── Dataset excerpts ──

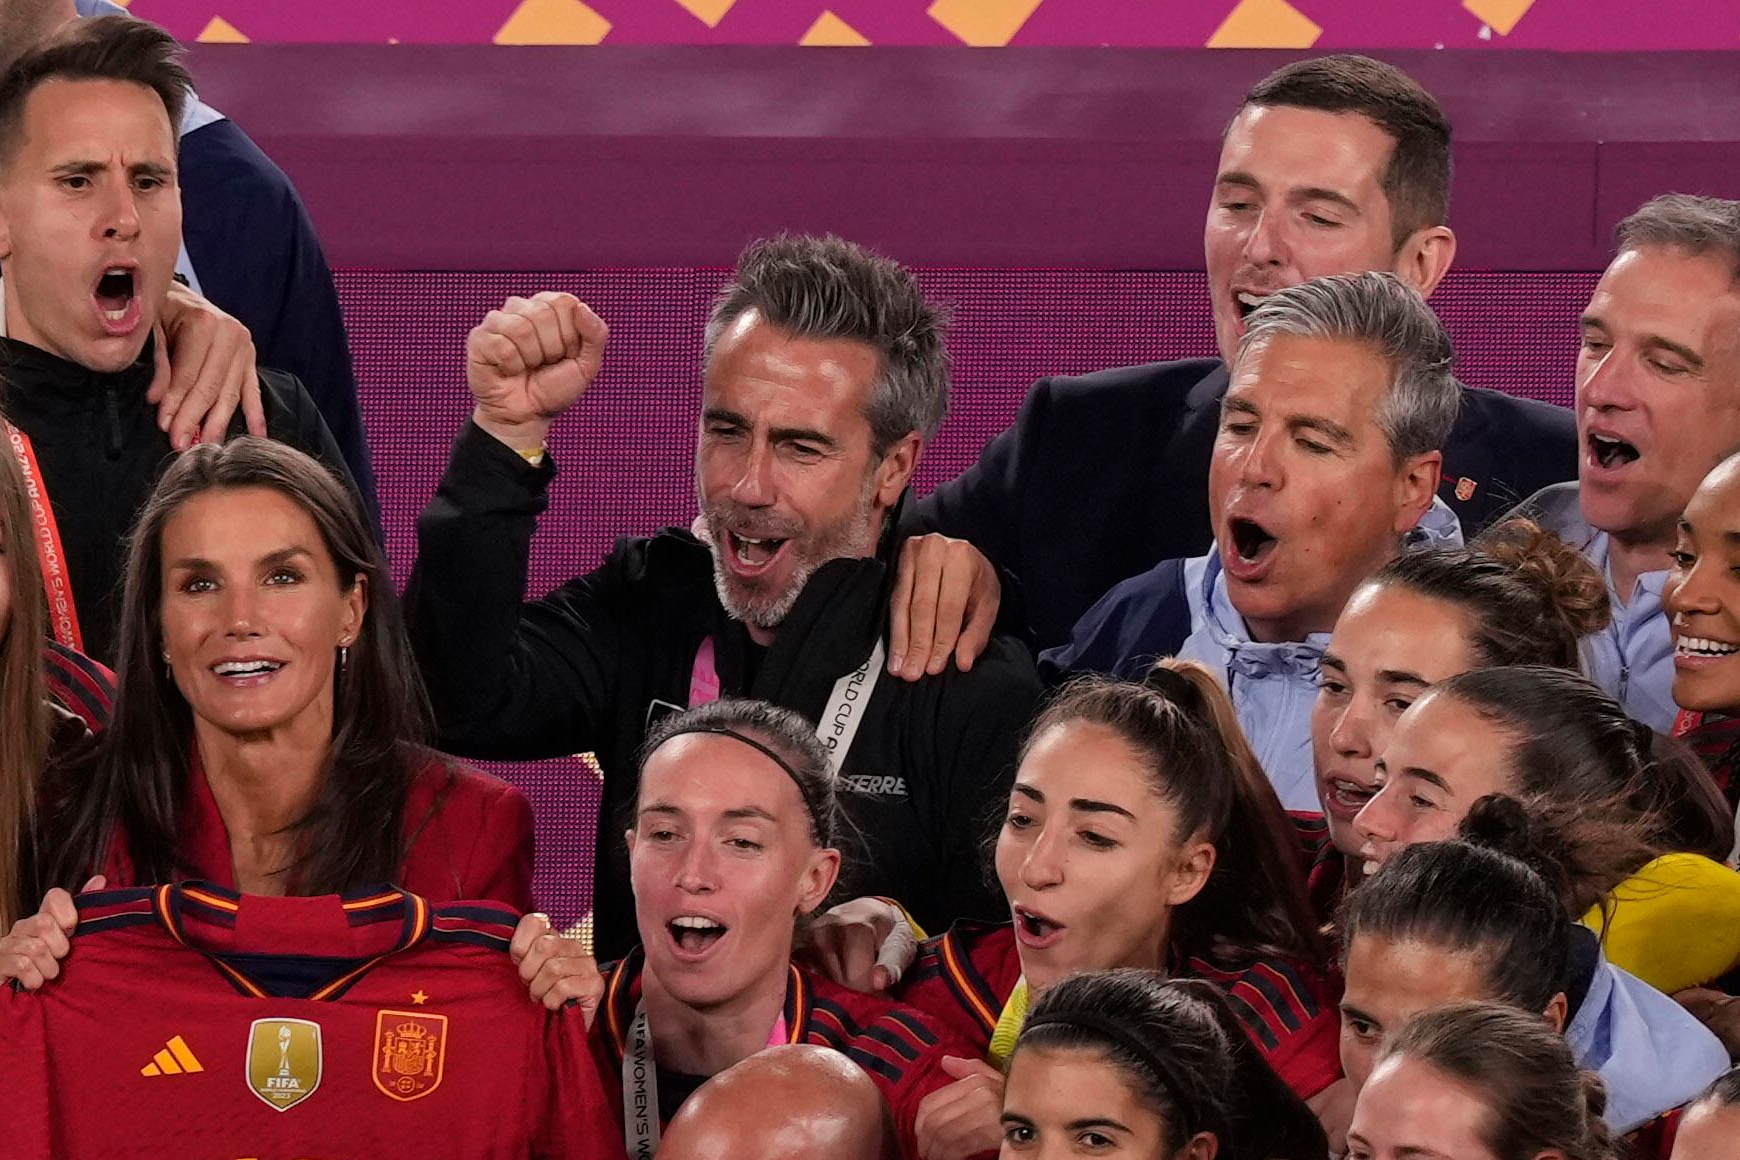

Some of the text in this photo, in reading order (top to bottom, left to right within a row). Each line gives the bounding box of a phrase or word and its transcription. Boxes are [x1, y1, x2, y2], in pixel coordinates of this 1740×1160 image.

[30, 500, 48, 528] CUP
[39, 529, 61, 577] WORLD
[845, 657, 873, 701] ORLD
[824, 703, 853, 737] CUP
[267, 1078, 299, 1089] FIFA
[634, 1050, 649, 1135] WOMEN'S

───

What you will do: Give back the data exactly. Pictures stay out.

Task result:
Some of the text in this photo, in reading order (top to bottom, left to right within a row). Each line gives the bounding box of a phrase or word and its transcription. Boxes are [x1, y1, x2, y2], in pixel coordinates of this 1740×1160 image.

[30, 500, 48, 528] CUP
[39, 529, 61, 577] WORLD
[845, 657, 873, 701] ORLD
[824, 703, 853, 737] CUP
[267, 1078, 299, 1089] FIFA
[634, 1050, 649, 1135] WOMEN'S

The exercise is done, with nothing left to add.